Oggi il cielo si presenta senza sfumature, come se un pennello avesse unito il celeste della volta e le nuvole che ieri si ammucchiavano sul Montiferru e sui primi pendii del Monte Arci. Il sole, non ancora alto sulle nostre teste, non sembra convinto di farci pagare la giornata così così appena trascorsa. Il bar nel quale sorseggio il mio caffé lungo decaffeinato si apre su due bracci che immagino reggano ognuno una candela, invece che un faro, e stringano in una bacinella le acque del golfo di Oristano. Il braccio di destra è niente meno che la penisola del Sinis, con la città punico romana di Tharros e quello di sinistra Capo Frasca, teatro di rumorose manovre militari. Ancora più a sinistra, quello che mia figlia chiama “la montagna dove è nato papà”: il magnifico monte Arcuentu che si staglia maestoso sopra un alternarsi verde grigio di colline.

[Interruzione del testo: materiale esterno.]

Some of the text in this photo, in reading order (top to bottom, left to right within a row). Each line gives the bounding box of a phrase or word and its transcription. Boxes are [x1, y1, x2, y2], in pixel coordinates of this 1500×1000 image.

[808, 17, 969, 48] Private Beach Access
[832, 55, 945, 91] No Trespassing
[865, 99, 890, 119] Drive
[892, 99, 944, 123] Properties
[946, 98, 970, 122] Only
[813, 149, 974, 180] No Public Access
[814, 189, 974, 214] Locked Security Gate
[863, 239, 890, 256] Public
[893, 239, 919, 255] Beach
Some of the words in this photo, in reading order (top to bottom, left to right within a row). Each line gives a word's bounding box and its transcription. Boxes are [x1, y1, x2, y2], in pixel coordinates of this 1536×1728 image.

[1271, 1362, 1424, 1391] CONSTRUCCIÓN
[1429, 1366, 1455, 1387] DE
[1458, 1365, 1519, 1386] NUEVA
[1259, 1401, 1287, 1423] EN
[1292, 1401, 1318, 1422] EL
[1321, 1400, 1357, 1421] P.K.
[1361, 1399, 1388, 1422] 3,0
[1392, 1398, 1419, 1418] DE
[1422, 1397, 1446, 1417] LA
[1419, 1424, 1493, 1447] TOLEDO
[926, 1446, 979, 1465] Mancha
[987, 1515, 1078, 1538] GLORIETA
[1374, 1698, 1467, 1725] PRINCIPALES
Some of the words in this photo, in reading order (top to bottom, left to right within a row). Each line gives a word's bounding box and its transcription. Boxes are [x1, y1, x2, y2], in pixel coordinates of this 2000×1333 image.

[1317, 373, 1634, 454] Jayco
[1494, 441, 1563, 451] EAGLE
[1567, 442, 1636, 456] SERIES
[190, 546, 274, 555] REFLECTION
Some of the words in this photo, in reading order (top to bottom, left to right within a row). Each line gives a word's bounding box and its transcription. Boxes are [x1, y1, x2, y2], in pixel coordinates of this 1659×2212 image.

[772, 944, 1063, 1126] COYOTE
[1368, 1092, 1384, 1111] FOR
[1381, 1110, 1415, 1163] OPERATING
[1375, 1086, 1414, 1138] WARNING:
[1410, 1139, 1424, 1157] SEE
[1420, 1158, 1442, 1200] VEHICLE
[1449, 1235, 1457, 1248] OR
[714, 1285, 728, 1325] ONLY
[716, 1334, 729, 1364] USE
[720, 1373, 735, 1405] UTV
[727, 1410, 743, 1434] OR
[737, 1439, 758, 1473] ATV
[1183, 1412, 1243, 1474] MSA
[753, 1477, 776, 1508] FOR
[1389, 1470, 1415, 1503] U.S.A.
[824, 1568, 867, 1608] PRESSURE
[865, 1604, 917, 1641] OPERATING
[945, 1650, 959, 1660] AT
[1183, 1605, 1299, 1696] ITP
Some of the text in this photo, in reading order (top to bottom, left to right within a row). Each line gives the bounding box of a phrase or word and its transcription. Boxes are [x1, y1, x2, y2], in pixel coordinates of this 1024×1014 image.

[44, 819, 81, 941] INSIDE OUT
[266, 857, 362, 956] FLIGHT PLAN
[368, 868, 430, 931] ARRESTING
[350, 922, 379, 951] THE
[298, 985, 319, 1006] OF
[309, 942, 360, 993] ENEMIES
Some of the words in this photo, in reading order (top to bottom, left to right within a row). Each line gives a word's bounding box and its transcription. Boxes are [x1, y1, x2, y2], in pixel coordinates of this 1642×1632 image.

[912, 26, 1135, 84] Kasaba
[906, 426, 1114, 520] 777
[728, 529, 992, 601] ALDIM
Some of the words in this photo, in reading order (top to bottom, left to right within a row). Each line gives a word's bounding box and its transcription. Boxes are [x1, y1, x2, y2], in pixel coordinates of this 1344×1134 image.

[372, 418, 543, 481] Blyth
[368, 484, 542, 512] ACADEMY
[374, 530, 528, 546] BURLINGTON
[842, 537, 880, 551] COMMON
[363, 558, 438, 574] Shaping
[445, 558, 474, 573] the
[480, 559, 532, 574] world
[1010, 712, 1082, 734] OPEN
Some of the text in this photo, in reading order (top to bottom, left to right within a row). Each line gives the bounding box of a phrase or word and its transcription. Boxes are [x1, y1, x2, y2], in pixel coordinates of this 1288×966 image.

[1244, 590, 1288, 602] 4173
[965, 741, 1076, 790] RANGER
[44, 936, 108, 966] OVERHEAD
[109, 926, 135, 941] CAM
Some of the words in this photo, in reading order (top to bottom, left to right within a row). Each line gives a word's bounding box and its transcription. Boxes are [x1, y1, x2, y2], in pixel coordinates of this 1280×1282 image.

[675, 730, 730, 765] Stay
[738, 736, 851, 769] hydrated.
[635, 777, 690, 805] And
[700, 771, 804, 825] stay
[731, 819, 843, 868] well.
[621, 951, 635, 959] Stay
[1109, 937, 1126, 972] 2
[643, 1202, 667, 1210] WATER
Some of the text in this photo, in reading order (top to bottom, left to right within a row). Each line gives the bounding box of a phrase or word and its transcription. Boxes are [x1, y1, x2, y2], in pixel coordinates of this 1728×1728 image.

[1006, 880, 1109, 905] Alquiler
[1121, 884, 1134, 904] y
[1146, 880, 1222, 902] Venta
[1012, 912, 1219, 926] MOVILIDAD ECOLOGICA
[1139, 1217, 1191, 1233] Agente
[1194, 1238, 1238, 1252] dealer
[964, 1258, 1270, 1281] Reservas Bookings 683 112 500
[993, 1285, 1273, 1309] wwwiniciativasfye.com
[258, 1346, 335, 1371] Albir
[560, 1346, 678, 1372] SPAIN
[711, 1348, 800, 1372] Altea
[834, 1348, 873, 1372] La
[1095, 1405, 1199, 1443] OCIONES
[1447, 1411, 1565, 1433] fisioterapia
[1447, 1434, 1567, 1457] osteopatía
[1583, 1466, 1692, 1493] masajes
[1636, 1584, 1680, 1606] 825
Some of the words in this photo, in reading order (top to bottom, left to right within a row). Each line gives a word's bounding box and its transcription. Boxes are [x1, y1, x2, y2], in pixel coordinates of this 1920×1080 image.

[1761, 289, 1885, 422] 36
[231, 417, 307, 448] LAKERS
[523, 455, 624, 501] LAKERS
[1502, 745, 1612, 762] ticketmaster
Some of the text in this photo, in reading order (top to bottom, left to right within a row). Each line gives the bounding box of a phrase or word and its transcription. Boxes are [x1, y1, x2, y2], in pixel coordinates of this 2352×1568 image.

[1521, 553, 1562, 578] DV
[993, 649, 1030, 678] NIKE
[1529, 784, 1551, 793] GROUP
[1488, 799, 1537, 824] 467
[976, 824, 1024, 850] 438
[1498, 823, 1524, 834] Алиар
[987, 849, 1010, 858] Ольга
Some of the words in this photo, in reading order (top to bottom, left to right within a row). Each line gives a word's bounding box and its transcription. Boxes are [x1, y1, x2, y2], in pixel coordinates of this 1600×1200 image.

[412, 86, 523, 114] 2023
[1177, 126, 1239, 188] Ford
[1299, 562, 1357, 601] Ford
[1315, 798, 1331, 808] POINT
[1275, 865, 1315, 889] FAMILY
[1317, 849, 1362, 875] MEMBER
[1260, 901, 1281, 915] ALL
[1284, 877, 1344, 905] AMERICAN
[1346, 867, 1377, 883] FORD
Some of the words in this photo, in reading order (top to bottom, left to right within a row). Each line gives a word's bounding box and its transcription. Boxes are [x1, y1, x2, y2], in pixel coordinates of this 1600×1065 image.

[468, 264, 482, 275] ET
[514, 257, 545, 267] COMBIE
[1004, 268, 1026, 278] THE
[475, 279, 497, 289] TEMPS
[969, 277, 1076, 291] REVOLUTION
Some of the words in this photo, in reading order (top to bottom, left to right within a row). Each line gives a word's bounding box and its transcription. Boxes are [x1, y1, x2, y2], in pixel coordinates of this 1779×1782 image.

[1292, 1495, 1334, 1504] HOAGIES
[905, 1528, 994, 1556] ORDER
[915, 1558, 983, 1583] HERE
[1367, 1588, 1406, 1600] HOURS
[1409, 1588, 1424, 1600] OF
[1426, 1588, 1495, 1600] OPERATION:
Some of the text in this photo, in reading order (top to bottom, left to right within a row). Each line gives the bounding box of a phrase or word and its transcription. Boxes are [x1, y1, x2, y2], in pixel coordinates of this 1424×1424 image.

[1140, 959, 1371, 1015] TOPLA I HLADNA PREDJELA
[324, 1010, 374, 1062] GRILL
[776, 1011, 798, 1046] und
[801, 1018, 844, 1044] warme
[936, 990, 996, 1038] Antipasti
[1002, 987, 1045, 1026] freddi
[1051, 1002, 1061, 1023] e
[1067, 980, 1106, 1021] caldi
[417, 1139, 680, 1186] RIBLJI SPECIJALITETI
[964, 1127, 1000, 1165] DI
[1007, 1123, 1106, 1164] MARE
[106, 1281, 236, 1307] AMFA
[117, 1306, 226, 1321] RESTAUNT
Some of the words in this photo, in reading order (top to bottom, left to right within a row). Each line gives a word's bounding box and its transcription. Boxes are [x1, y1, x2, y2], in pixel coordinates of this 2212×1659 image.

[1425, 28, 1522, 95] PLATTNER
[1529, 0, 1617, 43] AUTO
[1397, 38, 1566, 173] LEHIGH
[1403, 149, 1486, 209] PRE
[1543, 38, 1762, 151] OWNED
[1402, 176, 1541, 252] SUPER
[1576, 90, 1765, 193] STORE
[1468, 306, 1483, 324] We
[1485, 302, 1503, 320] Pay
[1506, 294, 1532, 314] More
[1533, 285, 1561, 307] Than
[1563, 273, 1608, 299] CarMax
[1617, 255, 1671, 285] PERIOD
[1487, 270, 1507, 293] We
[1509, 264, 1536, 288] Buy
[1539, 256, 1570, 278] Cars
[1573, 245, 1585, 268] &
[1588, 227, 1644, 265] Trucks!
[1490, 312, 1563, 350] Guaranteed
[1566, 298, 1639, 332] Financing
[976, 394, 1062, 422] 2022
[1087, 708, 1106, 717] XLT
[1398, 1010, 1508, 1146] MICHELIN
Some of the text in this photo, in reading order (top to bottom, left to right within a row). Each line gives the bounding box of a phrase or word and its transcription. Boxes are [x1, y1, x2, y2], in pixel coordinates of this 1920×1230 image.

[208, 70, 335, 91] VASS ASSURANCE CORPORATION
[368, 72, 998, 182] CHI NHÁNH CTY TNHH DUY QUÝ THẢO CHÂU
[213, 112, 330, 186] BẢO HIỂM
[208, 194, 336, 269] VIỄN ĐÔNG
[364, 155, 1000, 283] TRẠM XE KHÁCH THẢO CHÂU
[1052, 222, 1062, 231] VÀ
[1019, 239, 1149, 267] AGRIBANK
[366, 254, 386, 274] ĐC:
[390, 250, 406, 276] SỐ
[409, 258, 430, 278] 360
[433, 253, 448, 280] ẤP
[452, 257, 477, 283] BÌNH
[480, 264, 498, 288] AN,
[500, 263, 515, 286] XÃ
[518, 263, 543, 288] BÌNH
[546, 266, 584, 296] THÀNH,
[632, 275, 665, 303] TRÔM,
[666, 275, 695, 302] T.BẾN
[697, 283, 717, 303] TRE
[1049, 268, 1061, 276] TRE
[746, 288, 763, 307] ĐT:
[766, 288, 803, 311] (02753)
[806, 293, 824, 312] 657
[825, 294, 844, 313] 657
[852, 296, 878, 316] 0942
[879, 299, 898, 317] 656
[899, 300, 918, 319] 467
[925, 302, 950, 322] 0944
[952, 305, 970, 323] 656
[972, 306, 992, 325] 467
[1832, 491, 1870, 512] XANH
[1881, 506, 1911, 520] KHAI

Il mare è piuttosto calmo. Mentre un gabbiano attraversa muto la scena pago il conto altrettanto silenziosamente, non riuscendo a staccare lo sguardo da un orizzonte che non ho mai visto così basso. Tranquilli, è soltanto un’illusione. Il mare è composto da due soli colori: il blu, a dire il vero poco intenso oggi, e, dietro quella lunga striscia bianca, il celeste, che sembra volersi fondere, come le nuvole di ieri, con il cielo. Ed è in questo celeste, al di là della linea apparente dell’orizzonte, in quella parte di mare che è diventato cielo, che appare, improvvisa, una nave.
“La nave”, dice mia figlia, “la nave sta volando!”